A Differentiable Perceptual Audio Metric Learned from Just Noticeable Differences
Pranay Manocha, Adam Finkelstein, Richard Zhang, Nicholas J. Bryan,, Gautham J. Mysore, Zeyu Jin

TL;DR
This paper introduces a deep neural network-based perceptual audio metric trained on crowdsourced human judgments to accurately reflect human perception of audio differences, especially near the just-noticeable difference threshold.
Contribution
It presents a novel differentiable perceptual audio metric learned from a large dataset of human judgments, improving correlation with human perception over existing metrics.
Findings
The learned metric outperforms baseline methods in correlating with human judgments.

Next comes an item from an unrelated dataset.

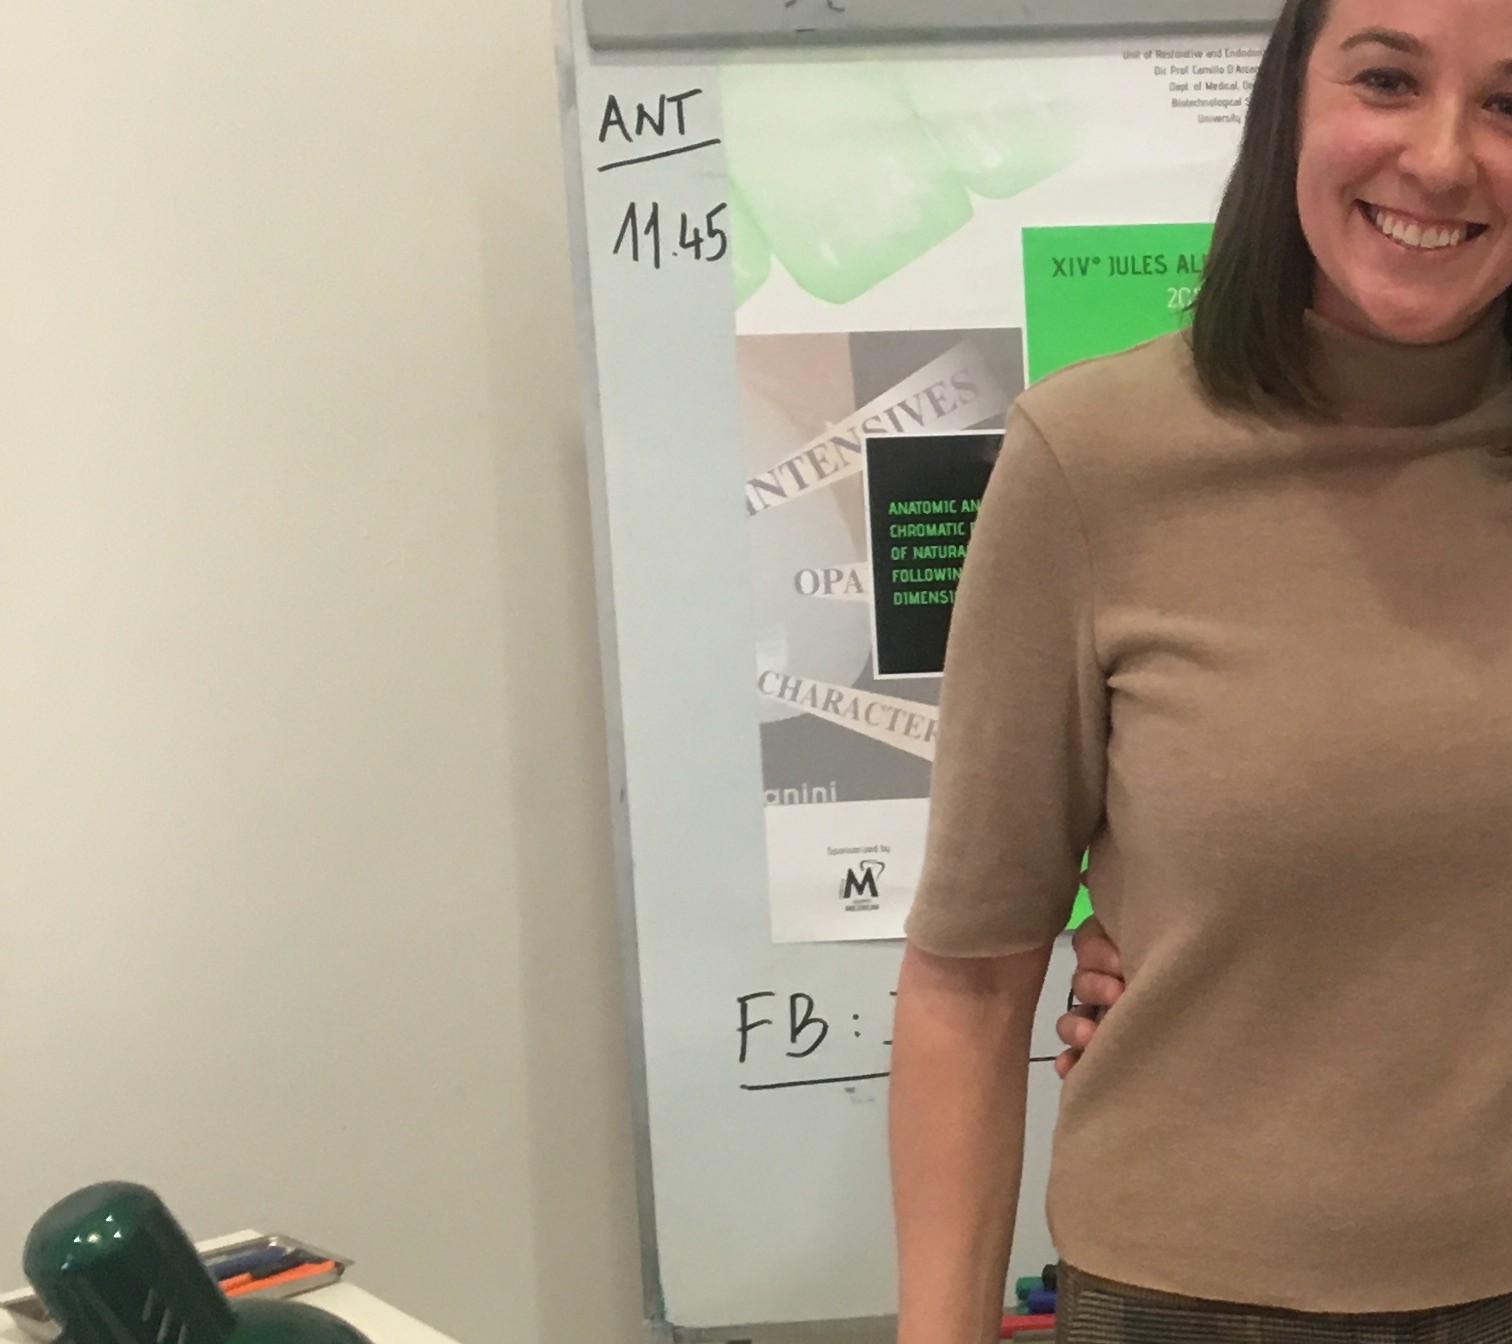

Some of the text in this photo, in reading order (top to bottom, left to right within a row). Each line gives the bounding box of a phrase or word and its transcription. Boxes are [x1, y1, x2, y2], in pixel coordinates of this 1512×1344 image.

Replacing traditional loss functions with this metric improves audio denoising results.
The metric is effective as a differentiable loss function for audio processing tasks.
Abstract
Many audio processing tasks require perceptual assessment. The ``gold standard`` of obtaining human judgments is time-consuming, expensive, and cannot be used as an optimization criterion. On the other hand, automated metrics are efficient to compute but often correlate poorly with human judgment, particularly for audio differences at the threshold of human detection. In this work, we construct a metric by fitting a deep neural network to a new large dataset of crowdsourced human judgments. Subjects are prompted to answer a straightforward, objective question: are two recordings identical or not? These pairs are algorithmically generated under a variety of perturbations, including noise, reverb, and compression artifacts; the perturbation space is probed with the goal of efficiently identifying the just-noticeable difference (JND) level of the subject. We show that the resulting learned…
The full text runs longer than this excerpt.